Published November 10, 2022 on Common Dreams: https://www.commondreams.org/views/2022/11/10/open-letter-bill-gates-food-farming-and-africa
Share the Instagram story
Dear Bill Gates:You were recently featured commenting on the global state of agriculture and food insecurity, in a recent New York Times op-ed by David Wallace-Wells and also in an Associated Press article.
In both articles, you make a number of claims that are inaccurate and need to be challenged. Both pieces admit that the world currently produces enough food to adequately feed all the earth’s inhabitants, yet you continue to fundamentally misdiagnose the problem as relating to low productivity; we do not need to increase production as much as to assure more equitable access to food. In addition, there are four specific distortions in these pieces which should be addressed, namely: 1) the supposed need for “credit for fertilizer, cheap fertilizer” to ensure agricultural productivity, 2) the idea that the Green Revolution of the mid-20th century needs to be replicated now to address hunger, 3) the idea that “better” seeds, often produced by large corporations, are required to cope with climate change, and 4) your suggestion that if people have solutions that “aren’t singing Kumbaya,” you’ll put money behind them.

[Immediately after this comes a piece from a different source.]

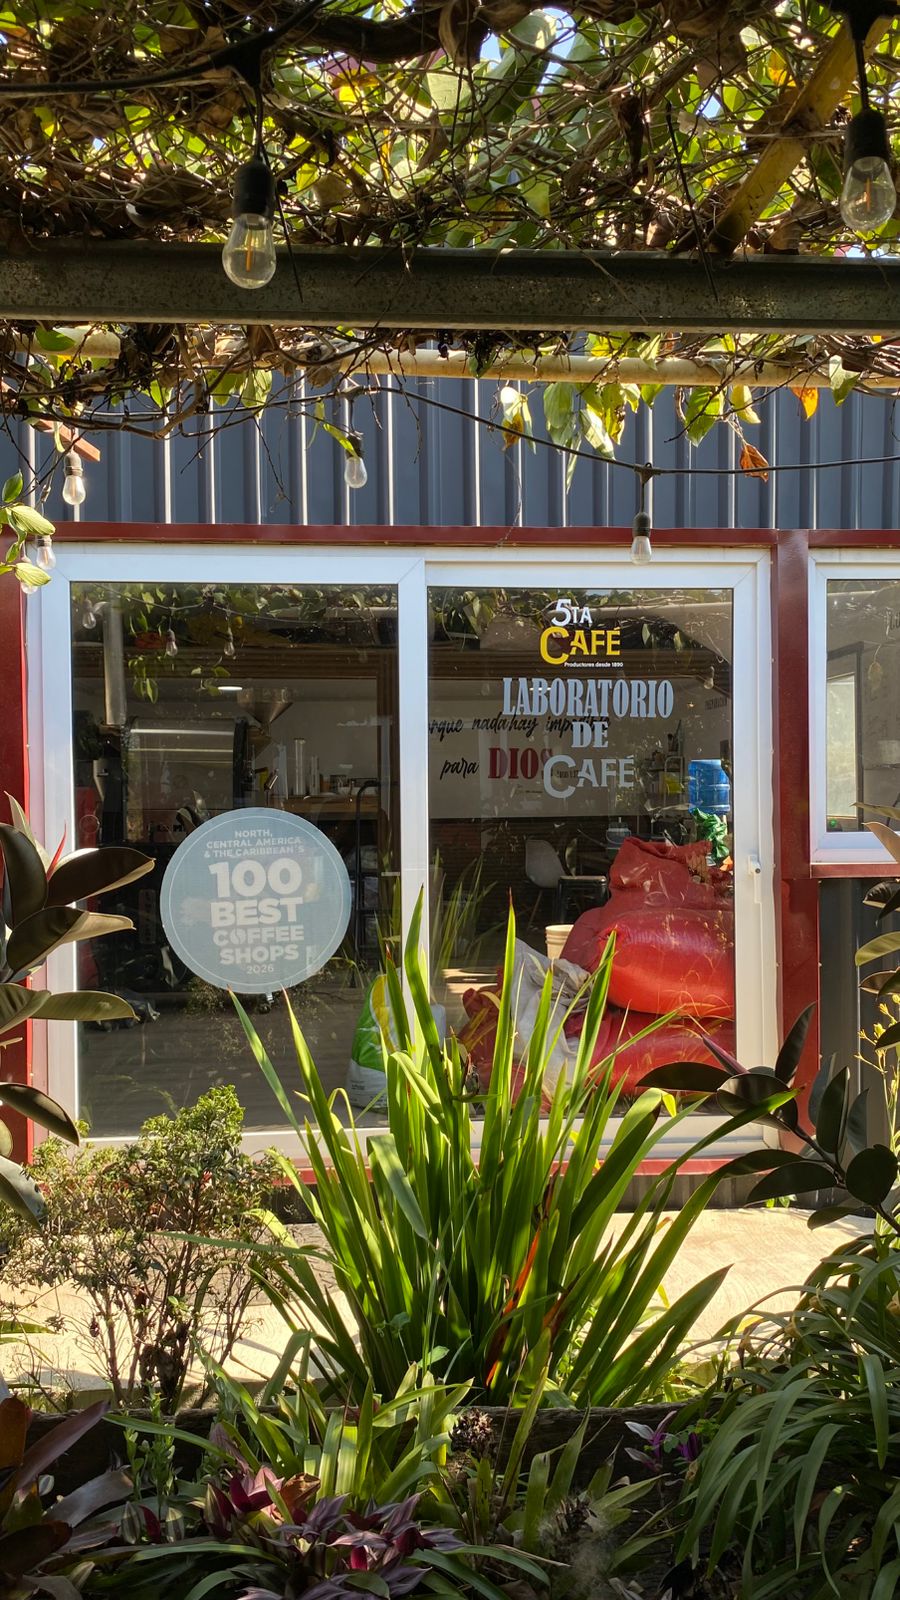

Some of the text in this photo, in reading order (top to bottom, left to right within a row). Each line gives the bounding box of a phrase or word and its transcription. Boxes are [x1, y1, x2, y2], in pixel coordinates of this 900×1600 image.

First, synthetic fertilizers contribute 2% of overall greenhouse gas emissions and are the primary source of nitrous oxide emissions. Producing nitrogen fertilizers requires 3-5% of the world’s fossil gas. They also make farmers and importing nations dependent on volatile prices on international markets, and are a major cause of rising food prices globally. Yet you claim that even more fertilizer is needed to increase agricultural productivity and address hunger. Toxic and damaging synthetic fertilizers are not a feasible way forward. Already, companies, organizations, and farmers in Africa and elsewhere have been developing biofertilizers made from compost, manure, and ash, and biopesticides made from botanical compounds, such as neem tree oil or garlic. These products can be manufactured locally (thereby avoiding dependency and price volatility), and can be increasingly scaled up and commercialized.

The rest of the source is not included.